Environmental crimes are violations of state or federal environmental laws that could impact public health and the environment, such as illegal dumping or improper disposal of used oil. Signs that an environmental crime has taken place could include corroded, leaking or abandoned waste containers; fish kills; illegal debris dumping in a natural area; or foul smelling or unsightly discharges or visible sheens on the ground or water body.

Illegal solid and hazardous waste disposal is a primary focus of DEP’s Division of Law Enforcement as illegal dumping can adversely affect underlying aquifers, which are the source for more than 90 percent of the state’s drinking water supply.

DEP’s Division of Law Enforcement is responsible for statewide environmental resource law enforcement, as well as providing law enforcement services to Florida’s state parks and greenways and trails.

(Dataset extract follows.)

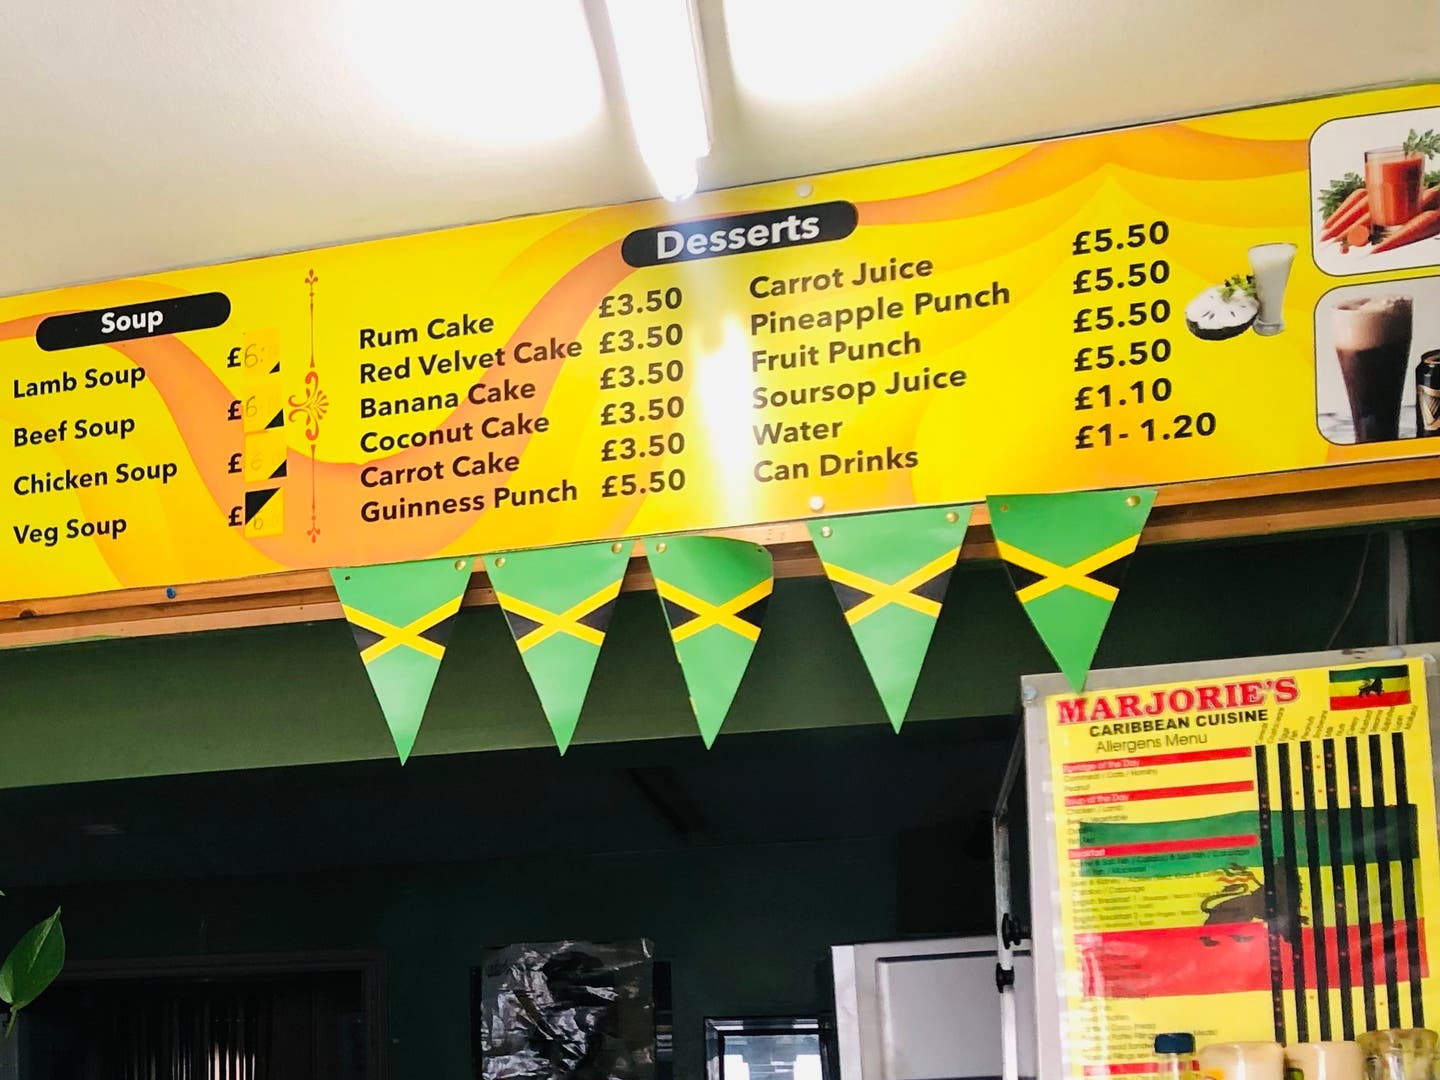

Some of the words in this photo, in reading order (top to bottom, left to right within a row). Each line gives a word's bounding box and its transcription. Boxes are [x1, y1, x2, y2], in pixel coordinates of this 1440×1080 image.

Special Agents investigate environmental resource crimes and illegal dredge and fill activities, respond to natural disasters, civil unrest, hazardous material incidents and oil spills that threaten the environment.

To report an environmental crime, wireless customers can dial #DEP. Callers can also report environmental crimes to the State Warning Point by calling (877) 2-SAVE-FL (1.877.272.8335). General environmental inquiries should be directed to DEP district offices during business hours.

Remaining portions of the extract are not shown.